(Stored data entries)
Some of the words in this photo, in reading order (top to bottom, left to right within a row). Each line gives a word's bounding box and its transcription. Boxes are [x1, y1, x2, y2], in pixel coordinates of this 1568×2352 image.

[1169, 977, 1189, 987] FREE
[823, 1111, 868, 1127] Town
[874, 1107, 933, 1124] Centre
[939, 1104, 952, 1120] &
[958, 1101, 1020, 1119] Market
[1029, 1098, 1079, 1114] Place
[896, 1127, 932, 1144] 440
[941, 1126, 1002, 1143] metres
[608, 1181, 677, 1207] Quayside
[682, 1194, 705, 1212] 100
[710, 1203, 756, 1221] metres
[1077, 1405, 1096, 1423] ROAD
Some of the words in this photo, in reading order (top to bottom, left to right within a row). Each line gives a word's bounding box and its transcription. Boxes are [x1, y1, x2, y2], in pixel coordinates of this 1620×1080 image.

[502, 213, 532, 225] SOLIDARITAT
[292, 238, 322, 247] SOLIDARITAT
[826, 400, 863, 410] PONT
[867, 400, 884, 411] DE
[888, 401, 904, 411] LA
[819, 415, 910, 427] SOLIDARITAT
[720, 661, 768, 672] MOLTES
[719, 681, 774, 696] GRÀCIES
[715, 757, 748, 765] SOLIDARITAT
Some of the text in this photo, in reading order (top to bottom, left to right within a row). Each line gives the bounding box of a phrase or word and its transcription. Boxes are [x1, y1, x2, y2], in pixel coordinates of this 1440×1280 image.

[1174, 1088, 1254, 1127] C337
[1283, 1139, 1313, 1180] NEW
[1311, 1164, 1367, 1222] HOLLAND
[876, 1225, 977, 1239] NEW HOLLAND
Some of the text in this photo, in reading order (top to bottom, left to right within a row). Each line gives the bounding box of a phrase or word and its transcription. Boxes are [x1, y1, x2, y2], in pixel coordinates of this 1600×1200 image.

=== Exercise details ===
Restate each line above word for word.

=== Written solution ===
Some of the words in this photo, in reading order (top to bottom, left to right within a row). Each line gives a word's bounding box and its transcription. Boxes are [x1, y1, x2, y2], in pixel coordinates of this 1568×2352 image.

[1169, 977, 1189, 987] FREE
[823, 1111, 868, 1127] Town
[874, 1107, 933, 1124] Centre
[939, 1104, 952, 1120] &
[958, 1101, 1020, 1119] Market
[1029, 1098, 1079, 1114] Place
[896, 1127, 932, 1144] 440
[941, 1126, 1002, 1143] metres
[608, 1181, 677, 1207] Quayside
[682, 1194, 705, 1212] 100
[710, 1203, 756, 1221] metres
[1077, 1405, 1096, 1423] ROAD
Some of the words in this photo, in reading order (top to bottom, left to right within a row). Each line gives a word's bounding box and its transcription. Boxes are [x1, y1, x2, y2], in pixel coordinates of this 1620×1080 image.

[502, 213, 532, 225] SOLIDARITAT
[292, 238, 322, 247] SOLIDARITAT
[826, 400, 863, 410] PONT
[867, 400, 884, 411] DE
[888, 401, 904, 411] LA
[819, 415, 910, 427] SOLIDARITAT
[720, 661, 768, 672] MOLTES
[719, 681, 774, 696] GRÀCIES
[715, 757, 748, 765] SOLIDARITAT
Some of the text in this photo, in reading order (top to bottom, left to right within a row). Each line gives the bounding box of a phrase or word and its transcription. Boxes are [x1, y1, x2, y2], in pixel coordinates of this 1440×1280 image.

[1174, 1088, 1254, 1127] C337
[1283, 1139, 1313, 1180] NEW
[1311, 1164, 1367, 1222] HOLLAND
[876, 1225, 977, 1239] NEW HOLLAND
Some of the text in this photo, in reading order (top to bottom, left to right within a row). Each line gives the bounding box of a phrase or word and its transcription. Boxes are [x1, y1, x2, y2], in pixel coordinates of this 1600×1200 image.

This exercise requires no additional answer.